イスラエル人との、「小さなゼミ」の時間がいくつもできました。

思いがけない出会い
若いイスラエル人カップルとのチャウシェスク邸での会話や議論は、私のゼミ生たちにも、とても刺激になったようです。このような状況は、日本国内でどんなに熱心にまた念入りに準備をしても可能ではないものだったので、私としてもゼミ生をヨーロッパに連れて来た甲斐があったと感じることができた至福の瞬間でした。

ルーマニアにおけるドイツ(ザクセン)の影響
11日(水曜日)には、シナイアに1日旅行をしました。あいにくこの日からルーマニアは秋日和で、雨の1日になりました。それでも、ドイツ(ザクセン)人の王が夏の避暑のために創建した豪華な建物(城)は、あとで聴くと多くのゼミ生にとってルーマニア滞在のなかでもっとも印象に残った訪問先だったようです。英語のガイドをしてくれた大柄なルーマニア人の女性が、ガイドの途中で自分の眼前にいた小柄な女子学生に突然「あなたはとてもキュート(魅力的でかわいいですね)」と口にしたのに対して、当該学生がフレーズに即座に反応して「どうもありがとうございます!」と、気持ちを込めてすぐに笑顔で返してくれた瞬間は、日本とルーマニア(ヨーロッパ)の間で気持ちが通じ合った異文化交流として、咄嗟に成立した会話風景として、引率した私もとても嬉しく心地よいものを感じた瞬間でした。
ちなみに、古典ギリシア語には、「いっしょに―感じられる」(シュン―アイスタネスタイ*)という言葉があります。ヨーロッパ(ルーマニア)と日本の間で、まさにそうしたものを感じられる瞬間でした。

リビウ大学との文化交流会とウクライーナ支援
最終日12日(木曜日)は、午前中は予定されていたウクライーナ・リビウ大学の学生と教員との、Zoomを利用した文化交流会でした。ルーマニア・アメリカ大学側がその日本センターの教室で入念に準備してくれたこの交流会も、盛況で、とても有意義な交流会になりました。おそらくリビウ大学側がより多く参加したであろうこの文化交流会では、日本側が東京の交通事情と日本の大学生の1日に関するプレゼンテーションを、一方、ウクライーナ側は修士課程の学生が戦時下におけるウクライーナの大学生活について、また博士課程の学生はロシアと戦争状態にあるウクライーナの社会状況について広範囲に、報告をしてくれました。
プレゼンテーションは、すべて英語で行われました。ウクライーナ側のネットワークが不安定でときおりプレゼンテーションの声が届かなくなったことを除けば、文化交流会はうまく機能したと思います。交流会終了後に、ウクライーナ側の責任者であるリビウ大学のオーリャ先生に感想を聞きましたが、ウクライーナの学生たちも交流会が実現できたことにとても満足していたとのことでした。

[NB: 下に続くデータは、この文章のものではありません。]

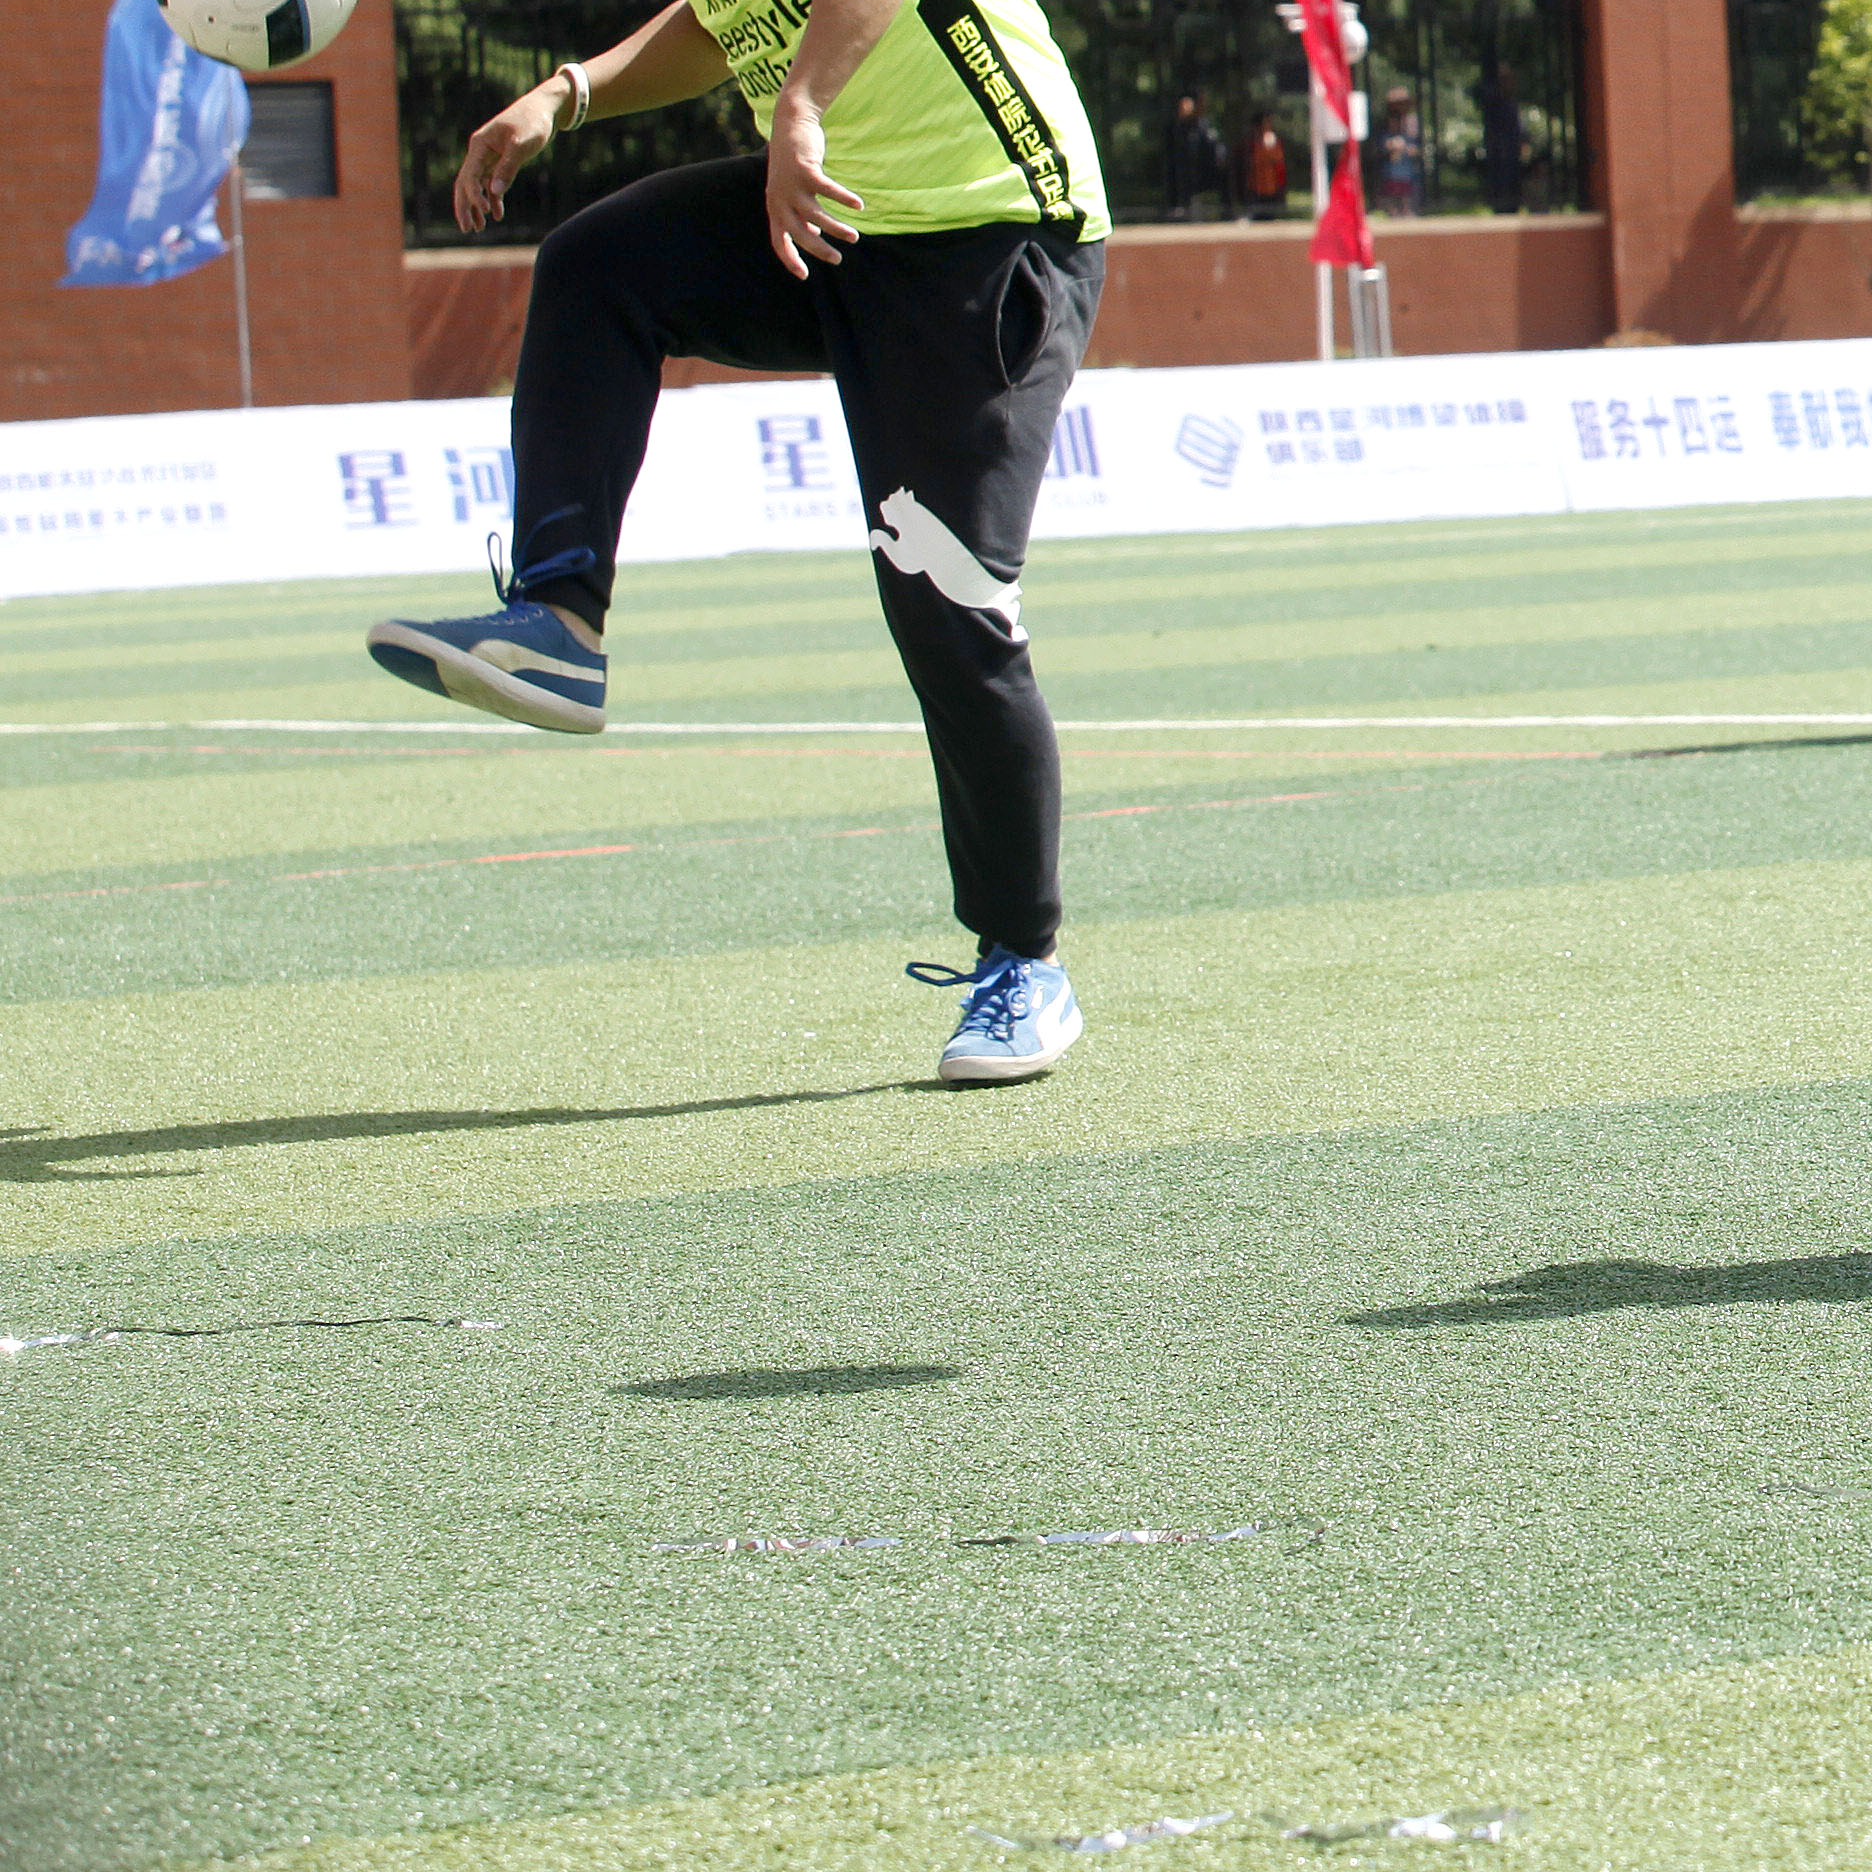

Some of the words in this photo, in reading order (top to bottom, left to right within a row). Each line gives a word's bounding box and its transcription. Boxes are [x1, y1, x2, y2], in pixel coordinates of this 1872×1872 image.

[1571, 394, 1744, 461] 服务十四运
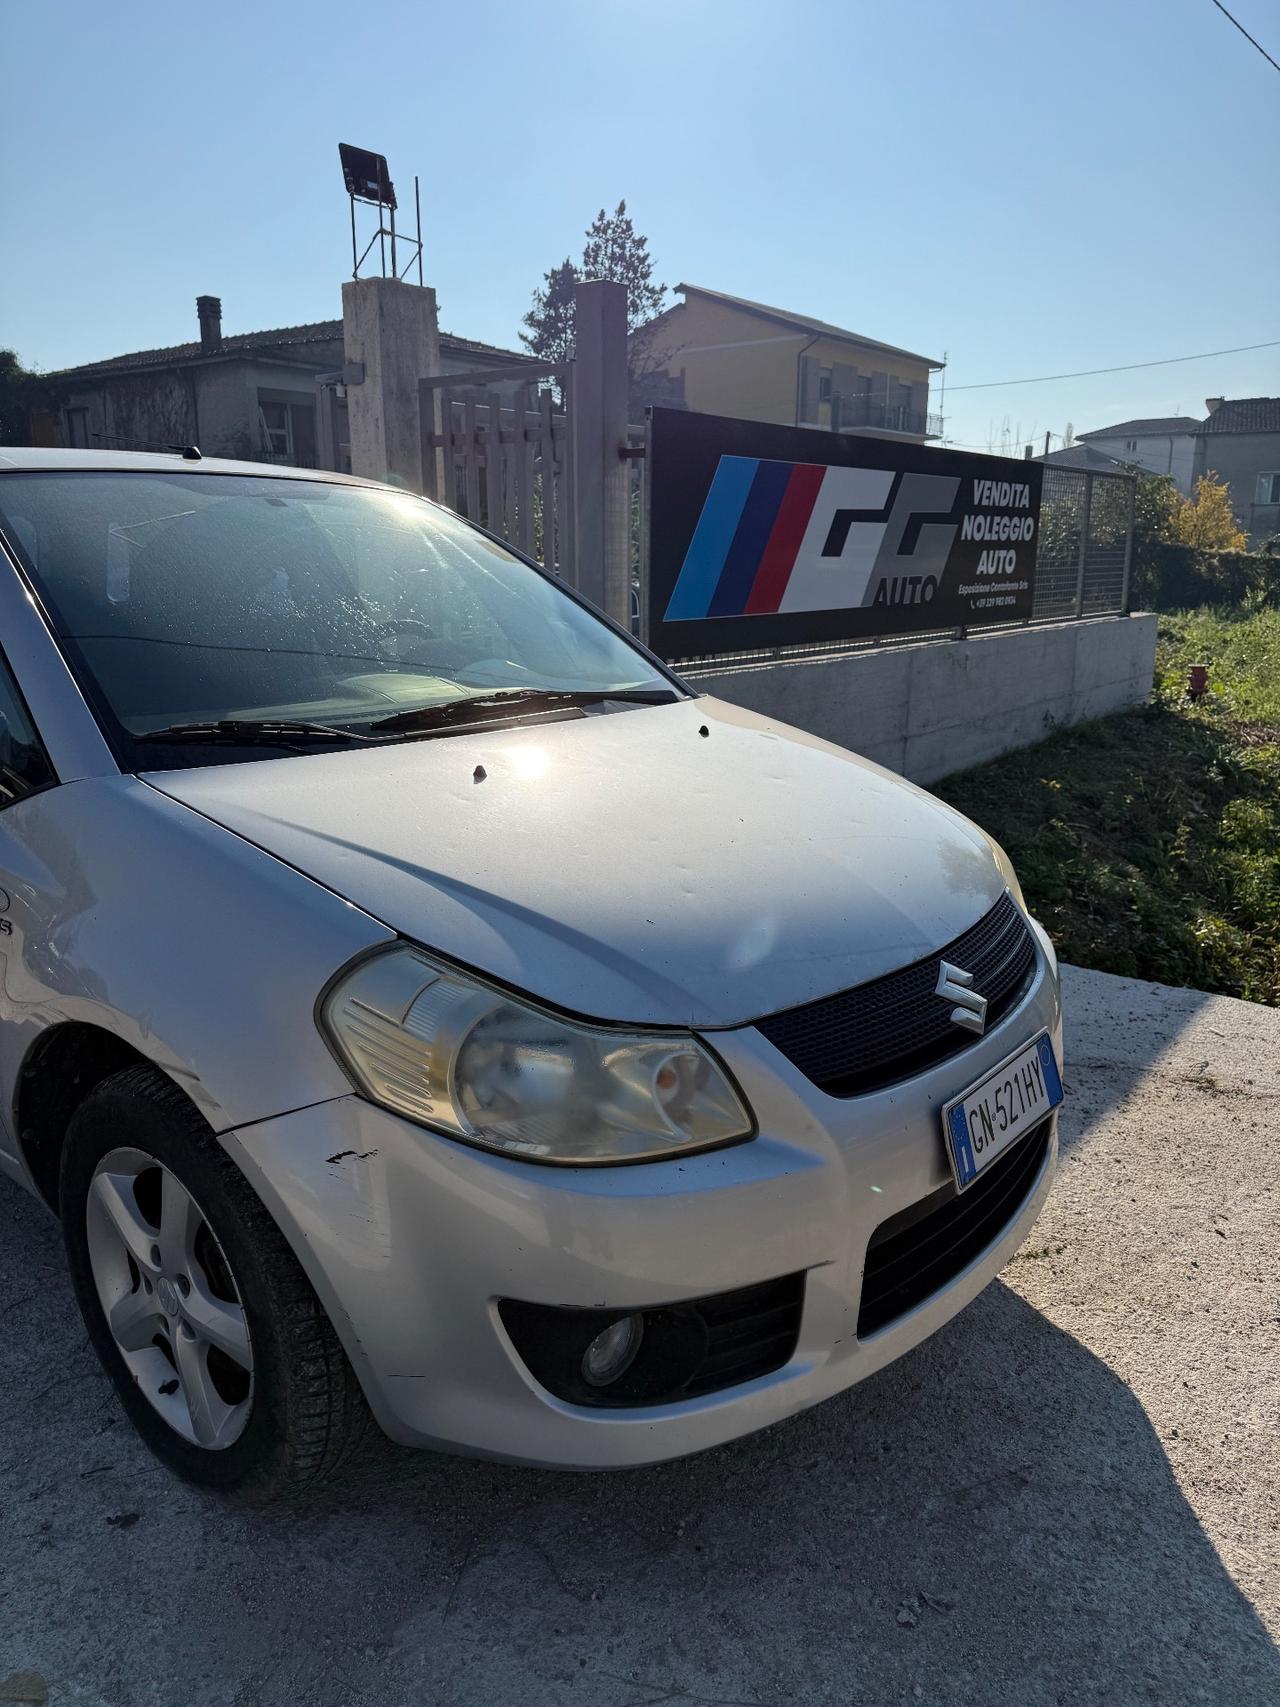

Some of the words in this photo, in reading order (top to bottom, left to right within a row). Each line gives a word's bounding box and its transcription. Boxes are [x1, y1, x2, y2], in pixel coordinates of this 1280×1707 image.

ルーマニアのなかのドイツとフランス―買い物経験が創造する新しい生活水準―
その日の午後は、まず大学近くにあるドイツ系安売りスーパーである「リーデル」で物の値段と品質、種類を確かめ、それからAFI Mallという街中Shopping Mallに行き、ヨーロッパ統合下におけるブカレストの都市生活の変容について、さらに理解を深めました。AFI Mallは、ウクライーナにもすでに進出しているフランスのスーパー「オーシャン」を中核に建設されたショッピングモールでしたが、支払いはすべてセルフでキャッシュレス、出る時にはレシートのQRコードをかざさないとスーパーから出られないという、日本でもまだお目にかからないような先進的なシステムになっていました。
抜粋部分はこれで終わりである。